By
W. T. Whitney Jr.
Beginning on February 7, Haitians have
been in the streets protesting against corruption, high prices, shortages,
inflation, and power outages. Demonstrators are demanding that President
Jovenel Moïse, in power since January 2017, resign. Moïse blames the
disturbances on “armed groups and drug traffickers” and is calling for
negotiation.
Facing police brutality, masses of
Haitians have blocked roads, stoned officials, burned vehicles, and ransacked
stores; nine are dead and over 100 wounded. Food and drinkable water are
scarce. The United States withdrew
non-emergency diplomatic representatives and issued travel warnings. The Trump
administration indicated humanitarian aid may be on the way.
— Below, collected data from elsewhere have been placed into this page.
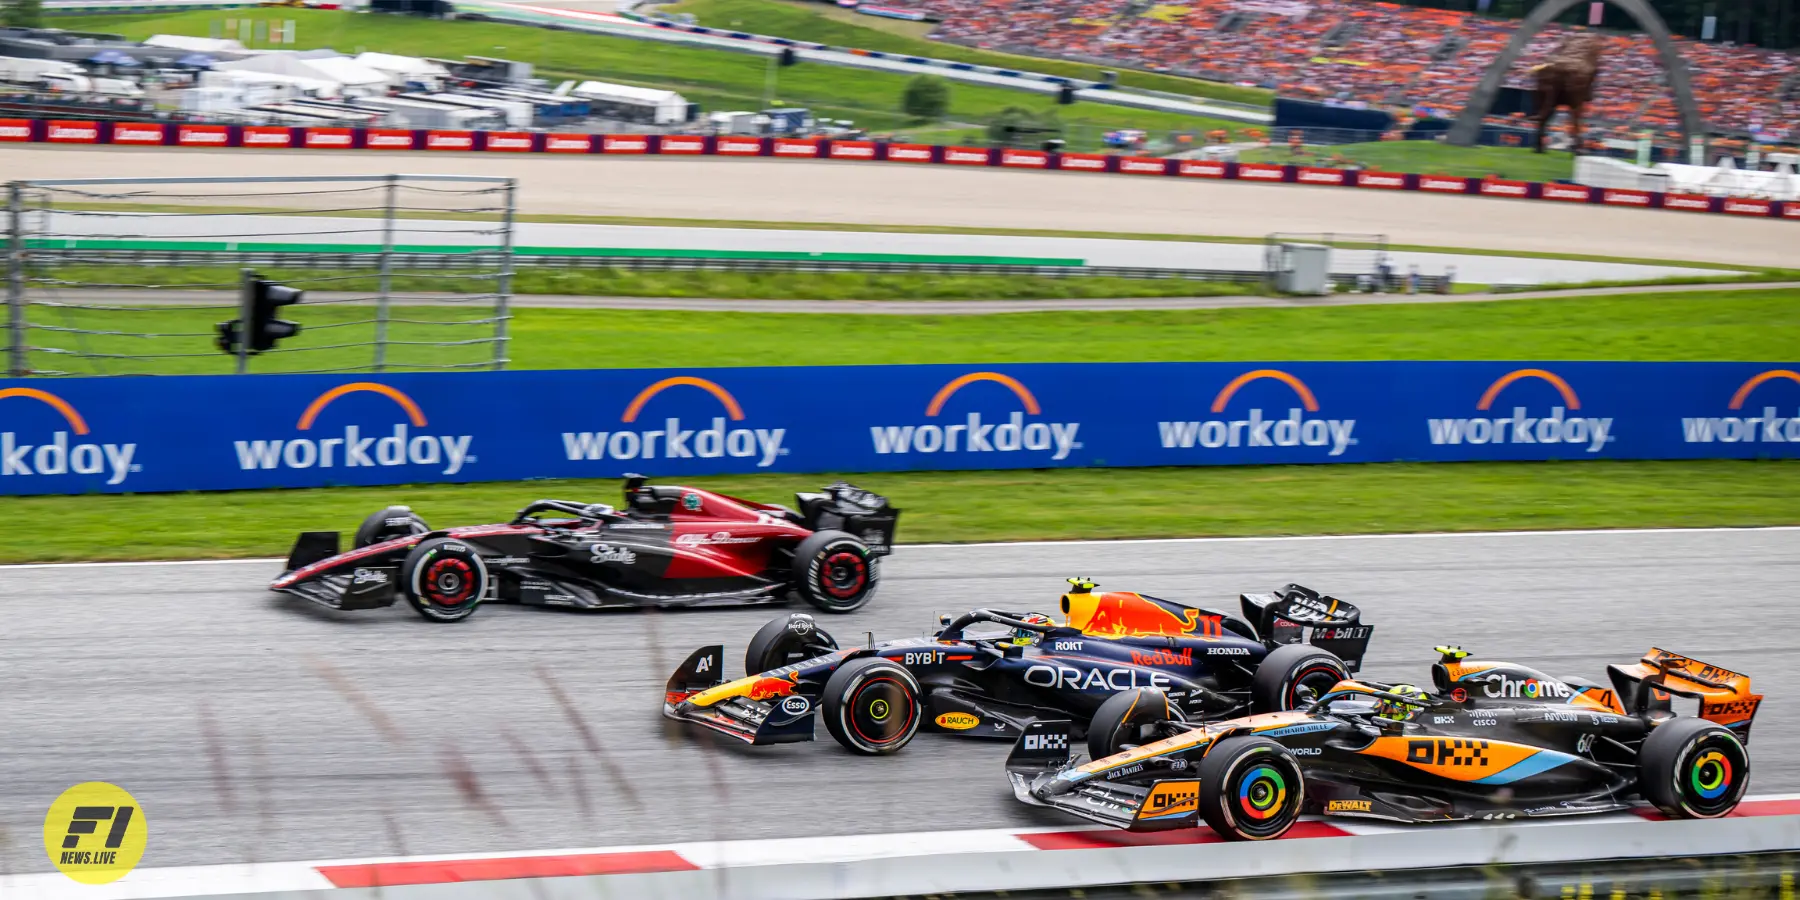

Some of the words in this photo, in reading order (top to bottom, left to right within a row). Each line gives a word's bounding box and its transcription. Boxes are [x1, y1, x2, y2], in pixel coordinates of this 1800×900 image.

[870, 411, 1081, 460] workday
[1159, 407, 1356, 456] workday
[1428, 406, 1613, 452] workday
[234, 424, 473, 475] workday
[562, 417, 787, 467] workday
[1198, 615, 1223, 637] 11
[1312, 627, 1354, 639] Mobil
[1055, 641, 1083, 651] ROKT
[1207, 647, 1251, 656] HONDA
[695, 654, 714, 673] A1
[905, 649, 946, 665] BYBIT
[1130, 648, 1163, 666] Red
[1161, 647, 1193, 666] Bull
[1023, 665, 1172, 692] ORACLE
[1483, 674, 1571, 698] Chrome
[786, 700, 806, 710] Esso
[946, 716, 975, 725] RAUCH
[1273, 726, 1305, 736] RICHARD
[1307, 723, 1328, 731] MILLE
[1024, 734, 1068, 750] OKX
[1288, 747, 1322, 755] WORLD
[1405, 739, 1489, 766] OKX
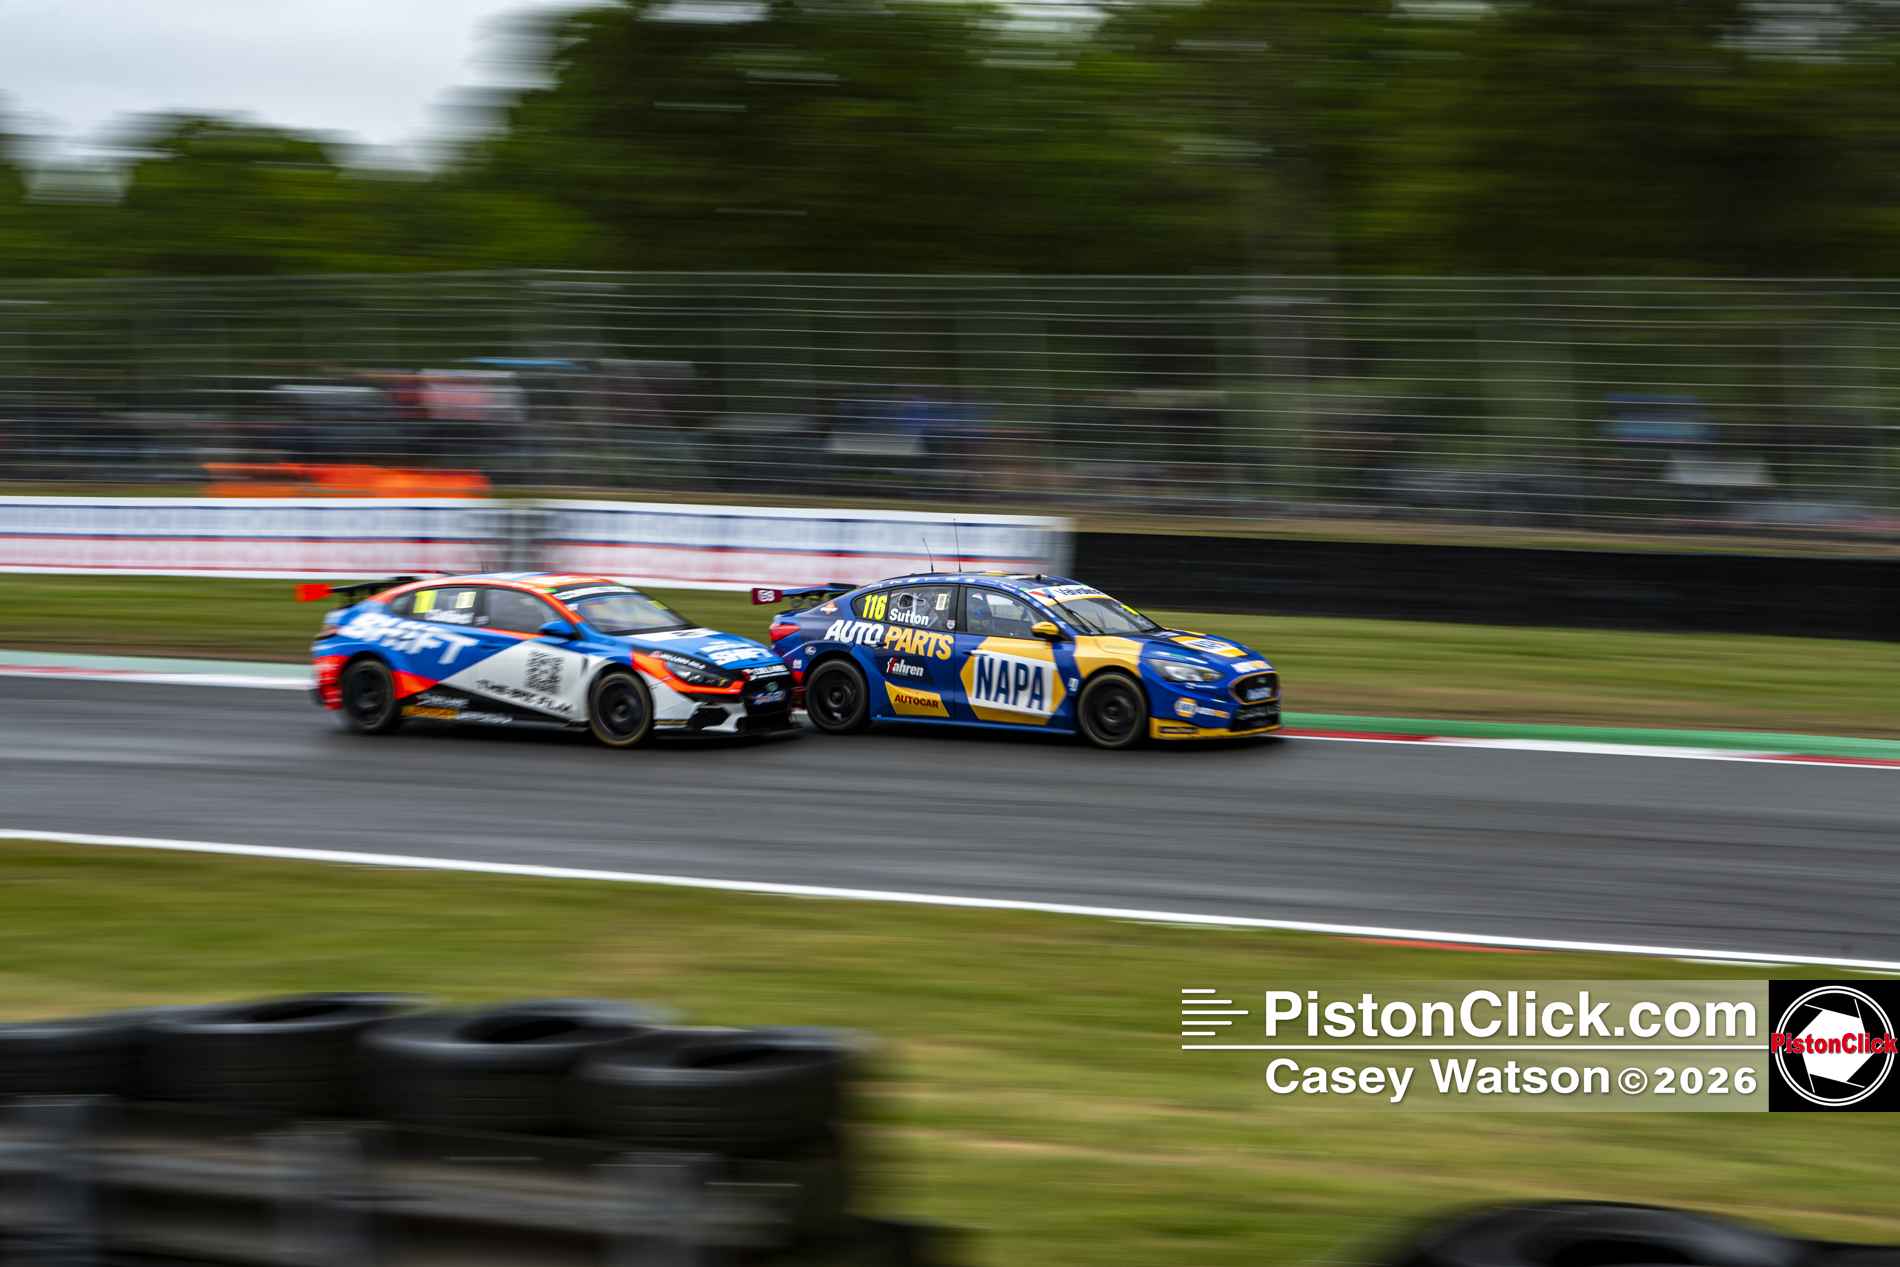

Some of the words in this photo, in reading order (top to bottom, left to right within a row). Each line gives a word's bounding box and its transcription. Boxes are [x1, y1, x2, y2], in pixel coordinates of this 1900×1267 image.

[863, 594, 887, 620] 116
[889, 608, 930, 626] Sutton
[824, 619, 884, 646] AUTO
[883, 626, 954, 660] PARTS
[886, 657, 924, 677] fahren
[975, 656, 1044, 711] NAPA
[894, 694, 939, 709] AUTOCAR
Haitians protested massively in
October 2018 after the highly indebted government raised gasoline prices. It
was complying with instructions from the International Monetary Fund in order
to obtain low-interest loans. The protests forced a reversal of the price hike
and continued.
Currently the Haitian people’s main
complaint is corruption arising out of a 2006 oil deal with Venezuela. Haiti,
led by President René Préval, was one of 17 countries joining Venezuela’s
Petrocaribe project. The agreement called for Haiti to pay for 60 percent of
the oil within 90 days and the remainder after 25 years at 1 percent interest.
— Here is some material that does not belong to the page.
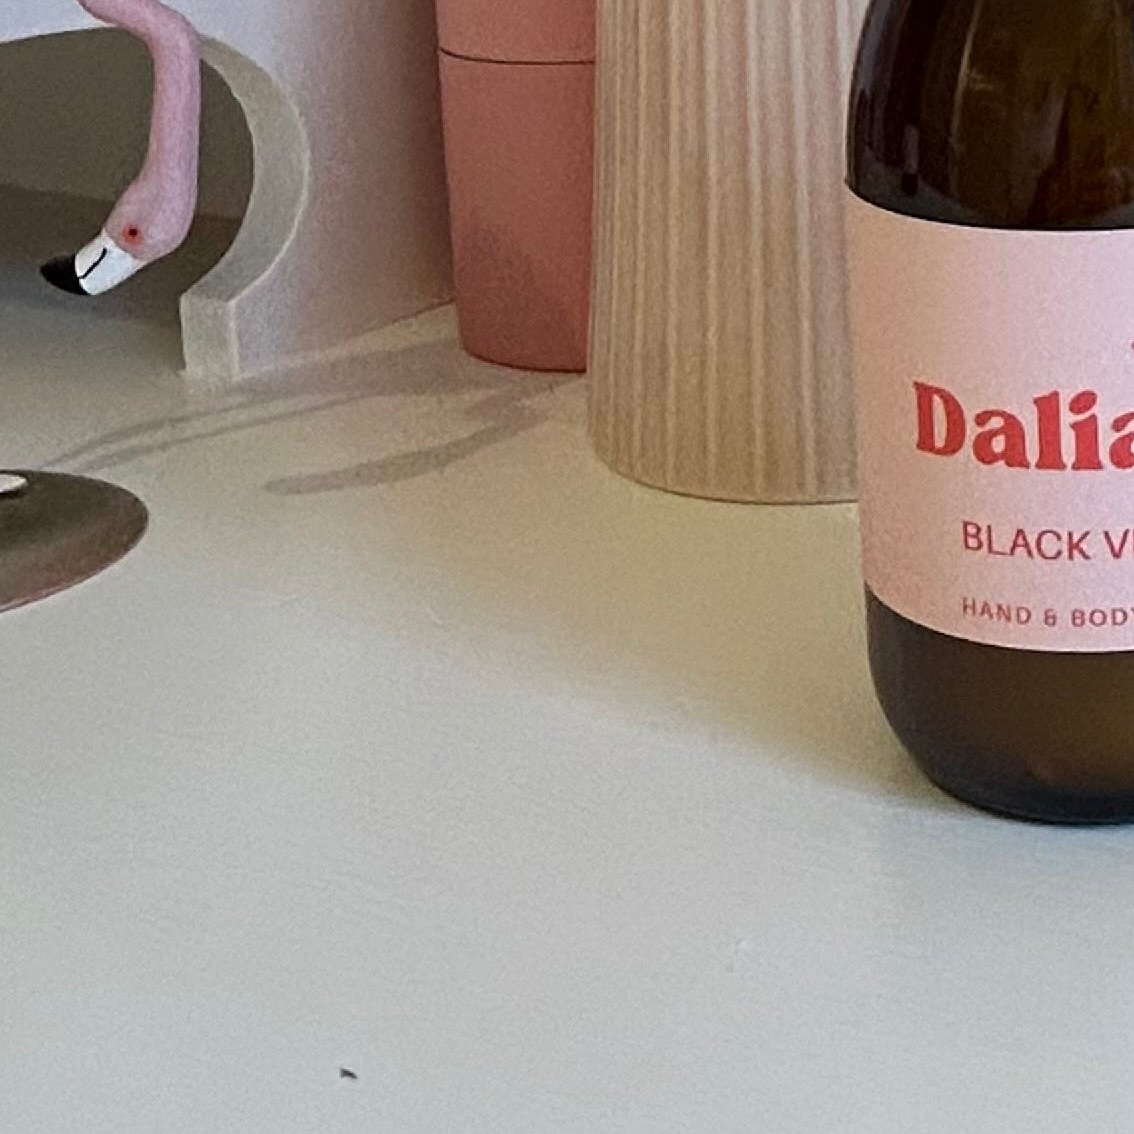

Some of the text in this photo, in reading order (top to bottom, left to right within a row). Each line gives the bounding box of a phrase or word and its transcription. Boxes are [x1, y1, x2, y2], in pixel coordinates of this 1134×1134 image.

[962, 520, 1090, 561] BLACK
[962, 597, 1031, 625] HAND
[1043, 609, 1057, 627] &
Haiti presently owes Venezuela $2 billion.
The government sold the oil to private
entities and accumulated some $4 billion in funds. The idea was to use the
money for sanitation, health care, education, infrastructure, and agricultural
innovations. Needs mounted after the 2010 earthquake.
The funds were “misused,
misappropriated, or embezzled by government officials and their cronies,”
according to reports released by the Haitian Senate in 2017. Money flowed into
the coffers of President Moïse’s business and into the hands of leaders of the
political party formed by Michel Martelly, Moïse’s predecessor as president.
Haiti’s involvement with Petrocaribe
ended in October 2017. U.S. anti-Venezuela sanctions had prevented Haiti from
paying on its oil bill with Venezuela—or “gave them a golden excuse not to,”
according to close Haiti observer Kim Ives. “Life in Haiti,” he writes, “which
was already extremely difficult, now became untenable.” Ives castigates Haiti’s
January 10 vote at the Organization of American States as “cynical betrayal by
Moïse and his cronies.” That day Haiti
supported a U.S. motion declaring President Maduro’s Venezuelan government to
be “illegitimate.” Ives asserts that for deeply unhappy Haitians, “treachery
against the Venezuelans after their exemplary solidarity…was the last straw.”
These troubles play out amid social
disaster. For example, some 80 percent of Haitians live in poverty. Income
inequality in Haiti, as reflected by the Gini index, rates as the world’s
fourth most extreme case. Life expectancy ranks 154th in the world, and 40
percent of Haitians depend on agricultural income, while 80 percent of farms
can’t feed families living on them.
This account now turns to background
information. To begin: Michel Martelly became president courtesy of the U.S.
government. Taking advantage of heightened distress in Haiti after the 2010
earthquake, the Obama administration retaliated against then-president René
Préval. His offense was to have cooperated with the Venezuelan government of
President Chávez in the matter of cheap oil.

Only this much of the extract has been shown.